**ASSIGNMENT**
Output the records exactly as they appear, with no pictures included.

**Spatial localization data**

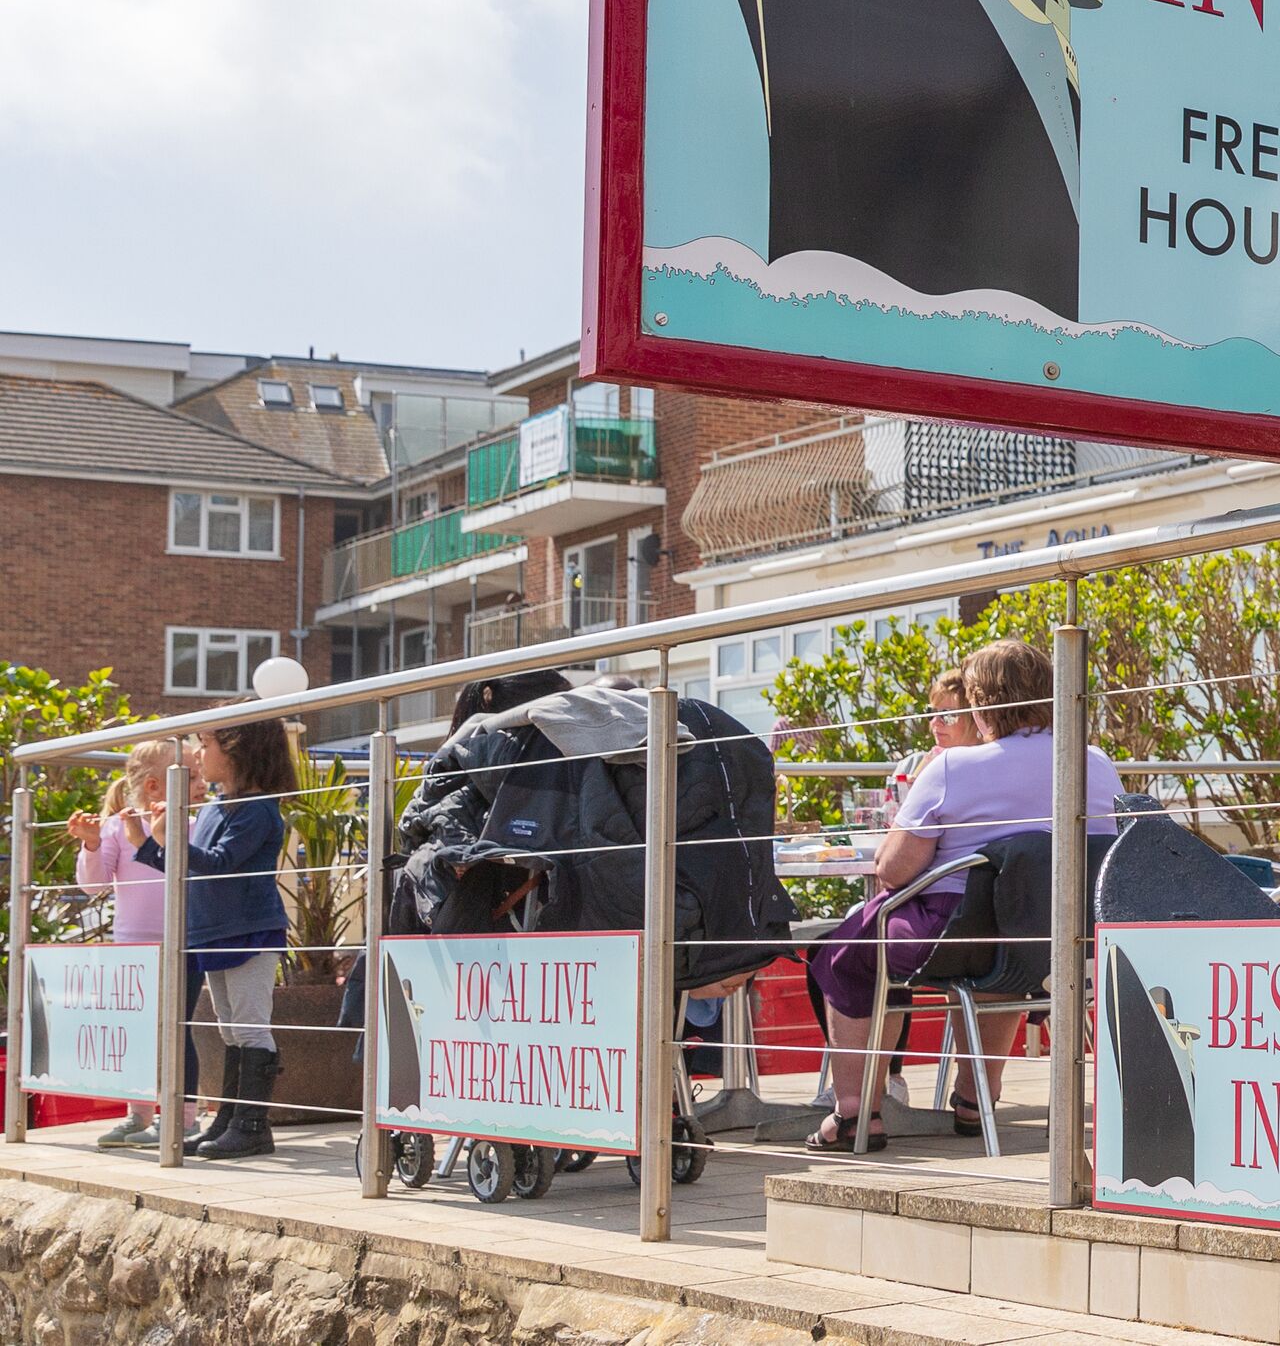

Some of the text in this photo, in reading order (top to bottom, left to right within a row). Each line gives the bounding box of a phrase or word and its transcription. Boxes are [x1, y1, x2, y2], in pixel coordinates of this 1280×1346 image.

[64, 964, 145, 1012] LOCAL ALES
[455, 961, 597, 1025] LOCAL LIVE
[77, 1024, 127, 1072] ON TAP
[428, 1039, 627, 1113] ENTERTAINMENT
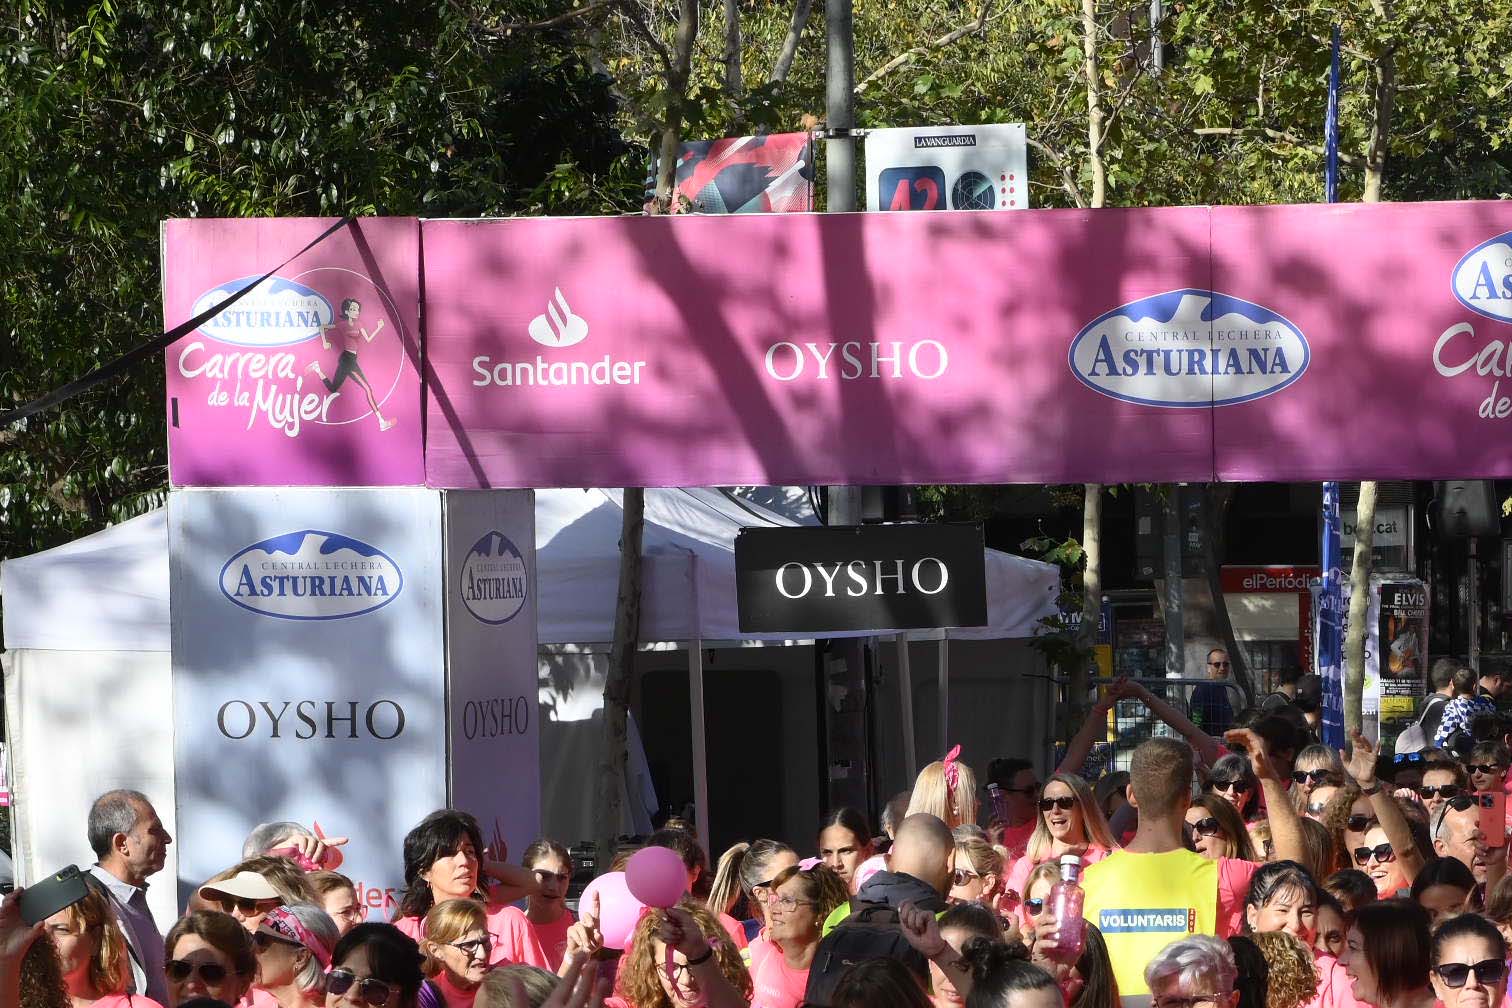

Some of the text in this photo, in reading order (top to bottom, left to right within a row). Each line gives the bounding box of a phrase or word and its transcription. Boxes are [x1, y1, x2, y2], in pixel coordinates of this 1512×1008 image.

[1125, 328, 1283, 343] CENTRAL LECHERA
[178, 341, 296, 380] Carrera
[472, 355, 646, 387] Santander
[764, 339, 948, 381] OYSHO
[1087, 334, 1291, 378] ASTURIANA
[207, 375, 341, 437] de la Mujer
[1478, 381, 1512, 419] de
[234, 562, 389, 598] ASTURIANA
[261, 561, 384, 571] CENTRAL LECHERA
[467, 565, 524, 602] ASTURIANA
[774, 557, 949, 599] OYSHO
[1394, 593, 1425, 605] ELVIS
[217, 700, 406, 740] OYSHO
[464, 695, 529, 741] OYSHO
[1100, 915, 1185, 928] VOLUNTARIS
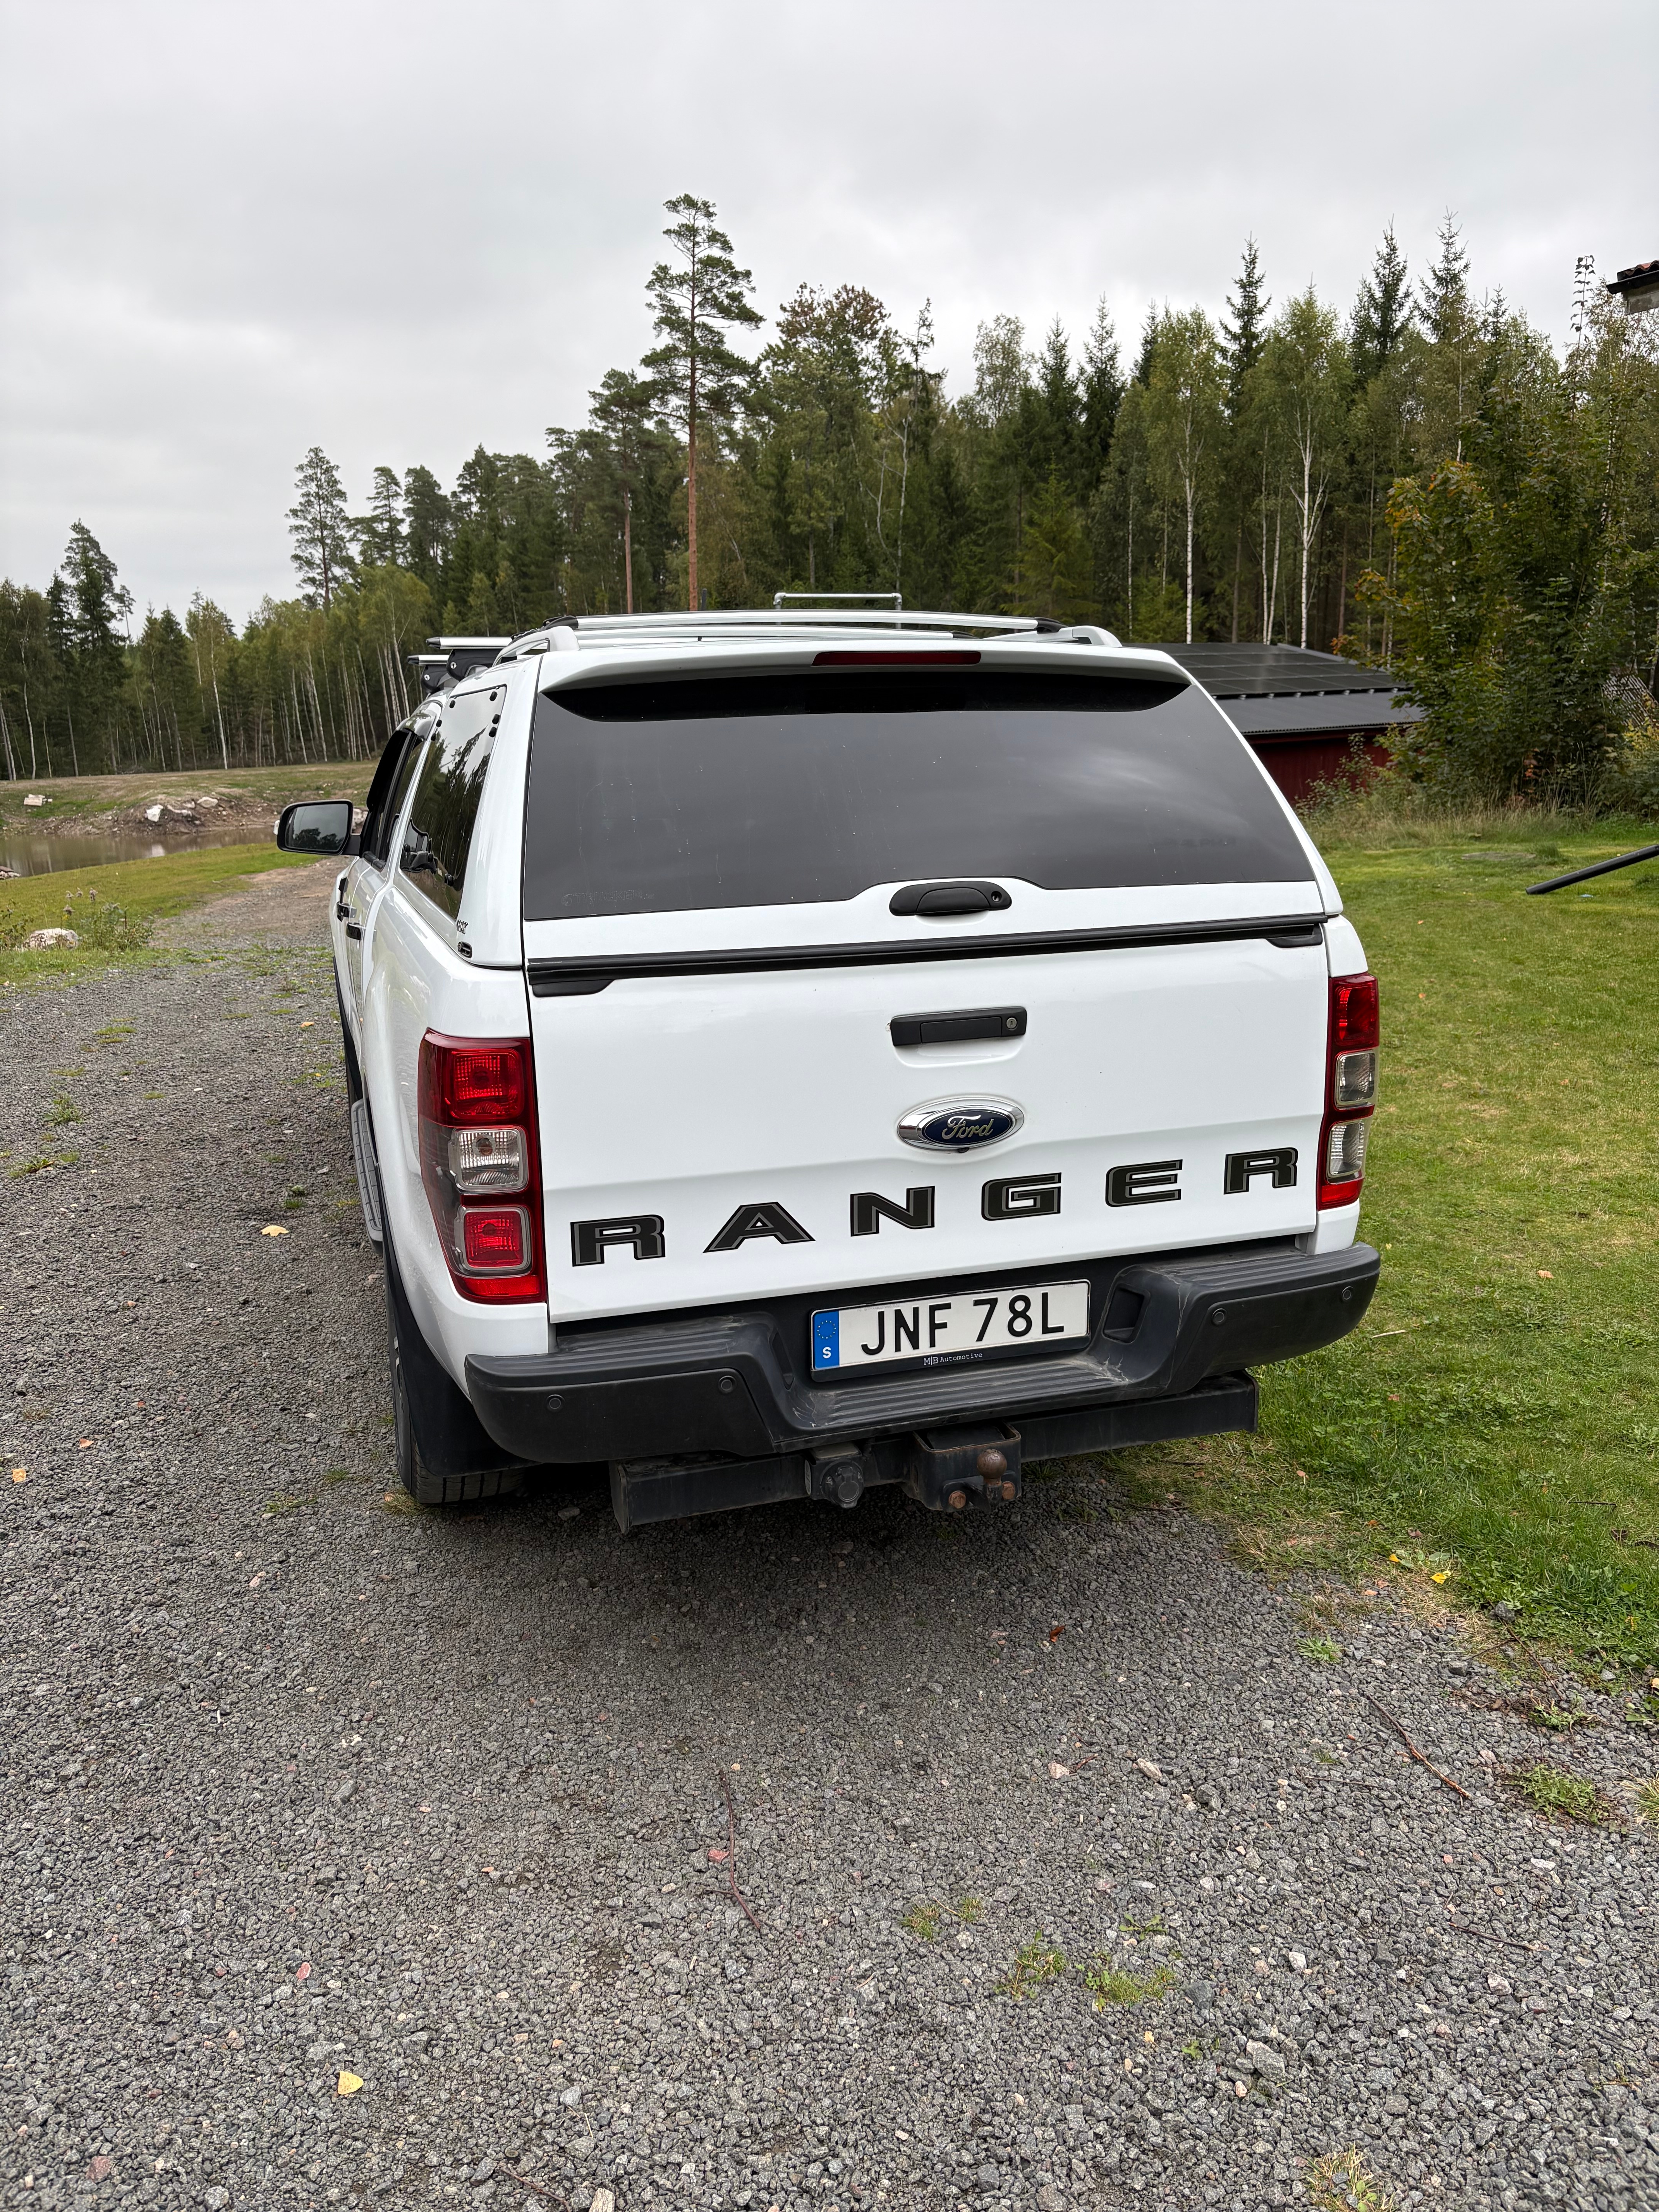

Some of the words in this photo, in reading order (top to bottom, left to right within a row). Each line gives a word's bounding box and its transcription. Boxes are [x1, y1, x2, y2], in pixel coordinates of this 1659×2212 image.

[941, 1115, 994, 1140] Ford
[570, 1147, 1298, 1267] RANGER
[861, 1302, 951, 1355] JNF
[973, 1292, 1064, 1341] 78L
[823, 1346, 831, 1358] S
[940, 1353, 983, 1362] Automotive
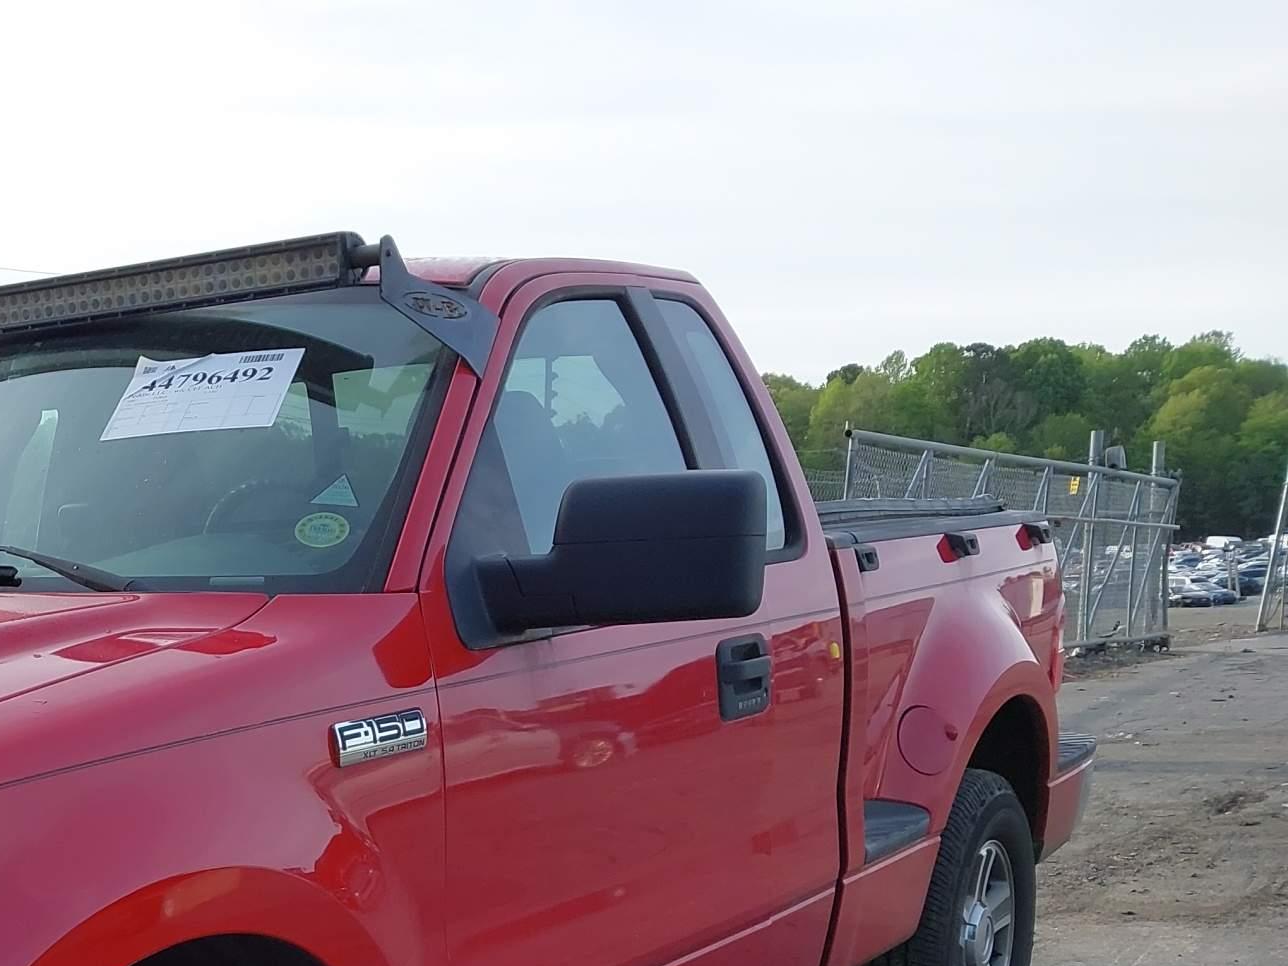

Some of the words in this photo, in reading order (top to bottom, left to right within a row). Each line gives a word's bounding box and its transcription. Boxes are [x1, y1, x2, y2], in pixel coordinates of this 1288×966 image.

**TASK OUTPUT**
Some of the text in this photo, in reading order (top to bottom, left to right within a row). Each line gives the bounding box of a phrase or word and its transcription. Boxes are [x1, y1, x2, y2], in pixel coordinates of this 1280×1346 image.

[64, 964, 145, 1012] LOCAL ALES
[455, 961, 597, 1025] LOCAL LIVE
[77, 1024, 127, 1072] ON TAP
[428, 1039, 627, 1113] ENTERTAINMENT

Some of the text in this photo, in reading order (top to bottom, left to right within a row). Each line gives the bounding box of a phrase or word and its transcription. Boxes are [x1, y1, x2, y2], in pixel coordinates of this 1512×1008 image.

[1125, 328, 1283, 343] CENTRAL LECHERA
[178, 341, 296, 380] Carrera
[472, 355, 646, 387] Santander
[764, 339, 948, 381] OYSHO
[1087, 334, 1291, 378] ASTURIANA
[207, 375, 341, 437] de la Mujer
[1478, 381, 1512, 419] de
[234, 562, 389, 598] ASTURIANA
[261, 561, 384, 571] CENTRAL LECHERA
[467, 565, 524, 602] ASTURIANA
[774, 557, 949, 599] OYSHO
[1394, 593, 1425, 605] ELVIS
[217, 700, 406, 740] OYSHO
[464, 695, 529, 741] OYSHO
[1100, 915, 1185, 928] VOLUNTARIS

Some of the words in this photo, in reading order (top to bottom, left to right within a row). Each line gives a word's bounding box and its transcription. Boxes are [x1, y1, x2, y2], in pixel coordinates of this 1659×2212 image.

[941, 1115, 994, 1140] Ford
[570, 1147, 1298, 1267] RANGER
[861, 1302, 951, 1355] JNF
[973, 1292, 1064, 1341] 78L
[823, 1346, 831, 1358] S
[940, 1353, 983, 1362] Automotive

Some of the words in this photo, in reading order (top to bottom, left to right within a row). Each line gives a word's bounding box and its transcription. Boxes are [x1, y1, x2, y2], in pixel coordinates of this 1288×966 image.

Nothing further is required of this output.